Activity: Take the line that contains "this 1600×1285 image." and each line after it in the material below, and transcribe them exactly, stopping at the end.

The data:
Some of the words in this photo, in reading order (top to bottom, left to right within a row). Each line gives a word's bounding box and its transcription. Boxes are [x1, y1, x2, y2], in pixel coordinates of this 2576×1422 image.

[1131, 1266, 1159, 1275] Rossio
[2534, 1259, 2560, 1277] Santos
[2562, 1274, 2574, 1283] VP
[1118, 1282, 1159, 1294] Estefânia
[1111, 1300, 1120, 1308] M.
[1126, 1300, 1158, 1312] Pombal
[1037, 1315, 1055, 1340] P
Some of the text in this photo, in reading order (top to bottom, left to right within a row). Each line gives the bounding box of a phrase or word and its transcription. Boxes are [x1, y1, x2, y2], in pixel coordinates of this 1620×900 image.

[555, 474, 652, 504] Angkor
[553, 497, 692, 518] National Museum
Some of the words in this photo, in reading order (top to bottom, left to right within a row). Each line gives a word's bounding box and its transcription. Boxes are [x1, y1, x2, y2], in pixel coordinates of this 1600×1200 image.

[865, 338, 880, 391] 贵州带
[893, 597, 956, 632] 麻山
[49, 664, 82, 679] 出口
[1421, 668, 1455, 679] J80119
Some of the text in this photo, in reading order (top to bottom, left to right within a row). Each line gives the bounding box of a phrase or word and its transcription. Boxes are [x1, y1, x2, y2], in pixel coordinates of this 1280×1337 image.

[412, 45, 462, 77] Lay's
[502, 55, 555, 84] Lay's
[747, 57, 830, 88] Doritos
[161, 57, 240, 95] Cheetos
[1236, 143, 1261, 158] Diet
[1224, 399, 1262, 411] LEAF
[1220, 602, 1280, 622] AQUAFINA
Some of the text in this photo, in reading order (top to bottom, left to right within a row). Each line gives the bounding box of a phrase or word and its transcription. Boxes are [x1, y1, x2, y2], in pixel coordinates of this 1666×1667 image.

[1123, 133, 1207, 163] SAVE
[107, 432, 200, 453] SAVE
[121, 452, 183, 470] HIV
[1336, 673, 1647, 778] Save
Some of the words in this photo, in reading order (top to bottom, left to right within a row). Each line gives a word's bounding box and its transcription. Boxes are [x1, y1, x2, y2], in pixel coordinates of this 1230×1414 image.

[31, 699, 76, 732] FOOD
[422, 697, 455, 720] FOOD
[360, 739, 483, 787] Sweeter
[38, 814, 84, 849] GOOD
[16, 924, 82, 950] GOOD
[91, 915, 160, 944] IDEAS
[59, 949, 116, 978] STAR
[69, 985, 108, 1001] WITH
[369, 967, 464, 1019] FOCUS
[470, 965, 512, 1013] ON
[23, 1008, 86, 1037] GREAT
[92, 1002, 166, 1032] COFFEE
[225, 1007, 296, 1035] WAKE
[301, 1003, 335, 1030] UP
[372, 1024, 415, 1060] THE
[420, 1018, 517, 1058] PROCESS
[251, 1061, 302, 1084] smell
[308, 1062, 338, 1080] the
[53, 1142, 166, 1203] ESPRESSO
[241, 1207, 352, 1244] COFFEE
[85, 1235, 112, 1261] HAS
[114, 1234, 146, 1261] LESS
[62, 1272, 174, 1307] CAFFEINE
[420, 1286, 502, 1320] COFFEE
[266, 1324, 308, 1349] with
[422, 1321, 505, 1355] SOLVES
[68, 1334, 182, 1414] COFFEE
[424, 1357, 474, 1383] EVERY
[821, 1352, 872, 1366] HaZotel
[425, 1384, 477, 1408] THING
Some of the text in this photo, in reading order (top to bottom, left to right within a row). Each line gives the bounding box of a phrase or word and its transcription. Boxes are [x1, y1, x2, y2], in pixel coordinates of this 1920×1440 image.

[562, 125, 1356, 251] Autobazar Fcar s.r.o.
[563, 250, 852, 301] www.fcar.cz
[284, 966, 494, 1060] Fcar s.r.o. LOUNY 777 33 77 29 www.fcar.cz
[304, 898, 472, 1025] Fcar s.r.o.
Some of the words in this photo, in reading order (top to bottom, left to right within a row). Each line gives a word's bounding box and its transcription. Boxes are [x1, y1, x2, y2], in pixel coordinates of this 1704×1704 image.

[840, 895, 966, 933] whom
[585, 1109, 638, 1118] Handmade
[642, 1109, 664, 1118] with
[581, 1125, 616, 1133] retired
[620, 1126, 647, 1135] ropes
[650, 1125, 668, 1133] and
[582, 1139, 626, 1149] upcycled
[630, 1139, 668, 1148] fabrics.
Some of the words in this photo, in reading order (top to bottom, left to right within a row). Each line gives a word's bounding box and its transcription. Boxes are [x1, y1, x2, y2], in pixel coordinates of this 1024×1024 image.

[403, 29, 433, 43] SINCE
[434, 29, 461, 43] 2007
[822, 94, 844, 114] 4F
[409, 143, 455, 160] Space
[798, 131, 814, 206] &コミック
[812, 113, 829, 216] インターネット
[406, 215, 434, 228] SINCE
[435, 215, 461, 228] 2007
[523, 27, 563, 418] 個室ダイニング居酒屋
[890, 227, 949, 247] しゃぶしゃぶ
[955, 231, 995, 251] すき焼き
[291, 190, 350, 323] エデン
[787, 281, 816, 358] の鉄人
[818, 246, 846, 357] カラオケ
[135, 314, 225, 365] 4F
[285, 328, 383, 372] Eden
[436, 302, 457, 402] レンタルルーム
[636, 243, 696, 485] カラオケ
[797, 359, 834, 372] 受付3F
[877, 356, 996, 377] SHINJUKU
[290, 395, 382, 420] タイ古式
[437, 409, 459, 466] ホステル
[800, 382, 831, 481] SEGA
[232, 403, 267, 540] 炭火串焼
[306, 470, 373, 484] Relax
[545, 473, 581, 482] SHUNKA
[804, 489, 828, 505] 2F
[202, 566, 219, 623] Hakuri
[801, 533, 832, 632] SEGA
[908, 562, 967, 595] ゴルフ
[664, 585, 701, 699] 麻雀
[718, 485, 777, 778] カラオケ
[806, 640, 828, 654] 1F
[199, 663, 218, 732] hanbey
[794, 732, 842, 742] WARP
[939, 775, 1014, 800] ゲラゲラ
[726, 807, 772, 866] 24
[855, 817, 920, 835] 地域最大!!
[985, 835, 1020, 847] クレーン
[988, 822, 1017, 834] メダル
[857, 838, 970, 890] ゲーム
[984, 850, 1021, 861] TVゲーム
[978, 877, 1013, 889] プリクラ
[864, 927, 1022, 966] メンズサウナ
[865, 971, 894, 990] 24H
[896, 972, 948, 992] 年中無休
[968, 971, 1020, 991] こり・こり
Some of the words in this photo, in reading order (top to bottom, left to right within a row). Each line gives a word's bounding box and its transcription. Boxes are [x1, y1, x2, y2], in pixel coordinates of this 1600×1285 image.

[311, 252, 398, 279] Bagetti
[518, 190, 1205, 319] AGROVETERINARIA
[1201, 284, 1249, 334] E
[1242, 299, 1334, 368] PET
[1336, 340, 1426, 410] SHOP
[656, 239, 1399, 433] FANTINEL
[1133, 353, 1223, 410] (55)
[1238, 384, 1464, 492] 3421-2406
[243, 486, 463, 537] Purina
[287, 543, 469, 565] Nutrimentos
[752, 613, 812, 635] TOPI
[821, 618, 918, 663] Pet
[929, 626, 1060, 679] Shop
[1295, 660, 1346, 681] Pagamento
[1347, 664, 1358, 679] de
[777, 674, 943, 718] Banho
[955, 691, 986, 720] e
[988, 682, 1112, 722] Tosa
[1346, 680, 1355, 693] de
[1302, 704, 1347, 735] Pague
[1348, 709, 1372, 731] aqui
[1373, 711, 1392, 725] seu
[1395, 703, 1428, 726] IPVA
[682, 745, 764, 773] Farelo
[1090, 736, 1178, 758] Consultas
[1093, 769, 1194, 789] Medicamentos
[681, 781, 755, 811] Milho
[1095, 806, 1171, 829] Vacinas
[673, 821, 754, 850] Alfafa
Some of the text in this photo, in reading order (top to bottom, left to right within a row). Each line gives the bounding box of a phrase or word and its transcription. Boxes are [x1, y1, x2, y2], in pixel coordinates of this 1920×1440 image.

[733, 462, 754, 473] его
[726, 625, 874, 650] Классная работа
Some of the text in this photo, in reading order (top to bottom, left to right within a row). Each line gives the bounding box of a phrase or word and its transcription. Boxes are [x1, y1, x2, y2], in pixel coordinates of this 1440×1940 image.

Solution to this problem:
Some of the words in this photo, in reading order (top to bottom, left to right within a row). Each line gives a word's bounding box and its transcription. Boxes are [x1, y1, x2, y2], in pixel coordinates of this 1600×1285 image.

[311, 252, 398, 279] Bagetti
[518, 190, 1205, 319] AGROVETERINARIA
[1201, 284, 1249, 334] E
[1242, 299, 1334, 368] PET
[1336, 340, 1426, 410] SHOP
[656, 239, 1399, 433] FANTINEL
[1133, 353, 1223, 410] (55)
[1238, 384, 1464, 492] 3421-2406
[243, 486, 463, 537] Purina
[287, 543, 469, 565] Nutrimentos
[752, 613, 812, 635] TOPI
[821, 618, 918, 663] Pet
[929, 626, 1060, 679] Shop
[1295, 660, 1346, 681] Pagamento
[1347, 664, 1358, 679] de
[777, 674, 943, 718] Banho
[955, 691, 986, 720] e
[988, 682, 1112, 722] Tosa
[1346, 680, 1355, 693] de
[1302, 704, 1347, 735] Pague
[1348, 709, 1372, 731] aqui
[1373, 711, 1392, 725] seu
[1395, 703, 1428, 726] IPVA
[682, 745, 764, 773] Farelo
[1090, 736, 1178, 758] Consultas
[1093, 769, 1194, 789] Medicamentos
[681, 781, 755, 811] Milho
[1095, 806, 1171, 829] Vacinas
[673, 821, 754, 850] Alfafa
Some of the text in this photo, in reading order (top to bottom, left to right within a row). Each line gives the bounding box of a phrase or word and its transcription. Boxes are [x1, y1, x2, y2], in pixel coordinates of this 1920×1440 image.

[733, 462, 754, 473] его
[726, 625, 874, 650] Классная работа
Some of the text in this photo, in reading order (top to bottom, left to right within a row). Each line gives the bounding box of a phrase or word and its transcription. Boxes are [x1, y1, x2, y2], in pixel coordinates of this 1440×1940 image.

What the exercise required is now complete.